TASK TO COMPLETE: Each entry below is to be restated word for word, with no pictures carried over.

───── SUPPLIED INFORMATION ─────

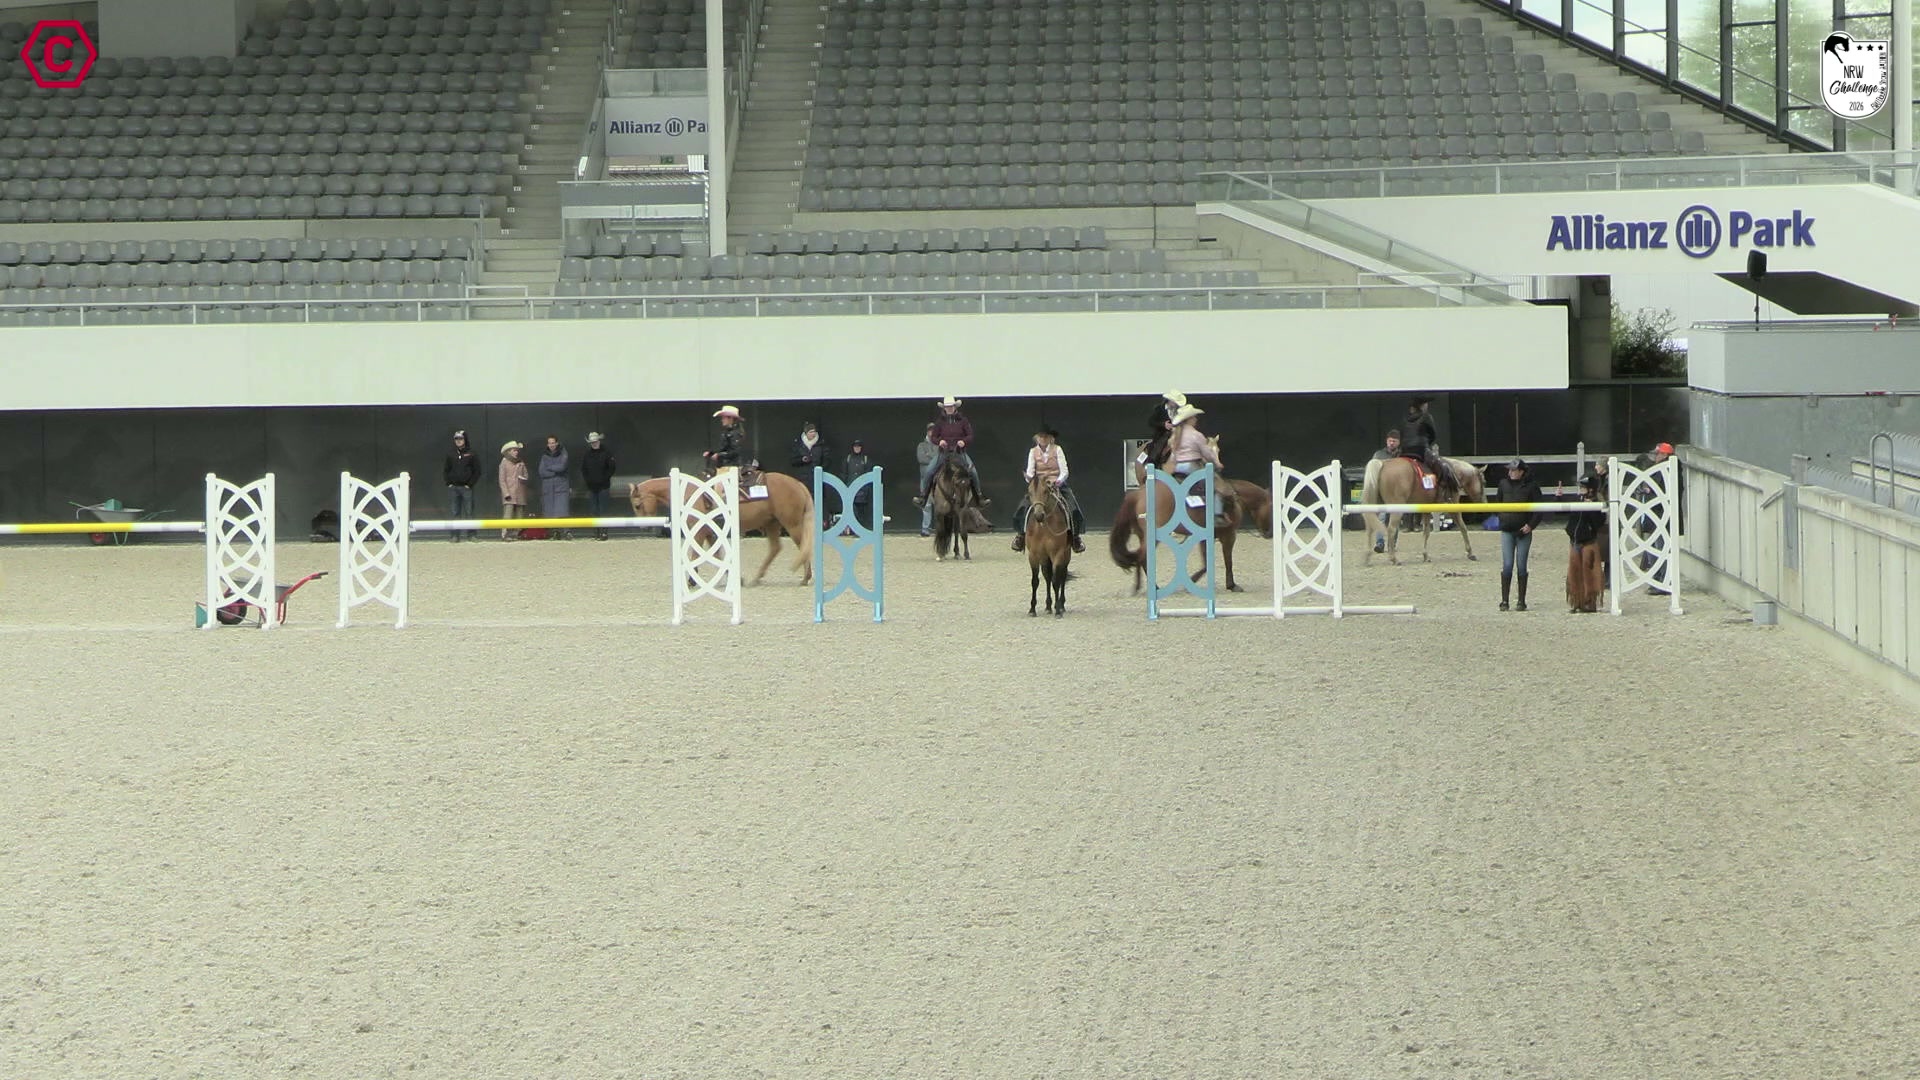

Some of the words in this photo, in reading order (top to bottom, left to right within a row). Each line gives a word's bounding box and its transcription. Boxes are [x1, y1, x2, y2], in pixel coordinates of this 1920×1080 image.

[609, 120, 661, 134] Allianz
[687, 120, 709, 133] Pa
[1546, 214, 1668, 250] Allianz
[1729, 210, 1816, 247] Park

─────

WRITTEN ANSWER:
Some of the words in this photo, in reading order (top to bottom, left to right within a row). Each line gives a word's bounding box and its transcription. Boxes are [x1, y1, x2, y2], in pixel coordinates of this 1920×1080 image.

[609, 120, 661, 134] Allianz
[687, 120, 709, 133] Pa
[1546, 214, 1668, 250] Allianz
[1729, 210, 1816, 247] Park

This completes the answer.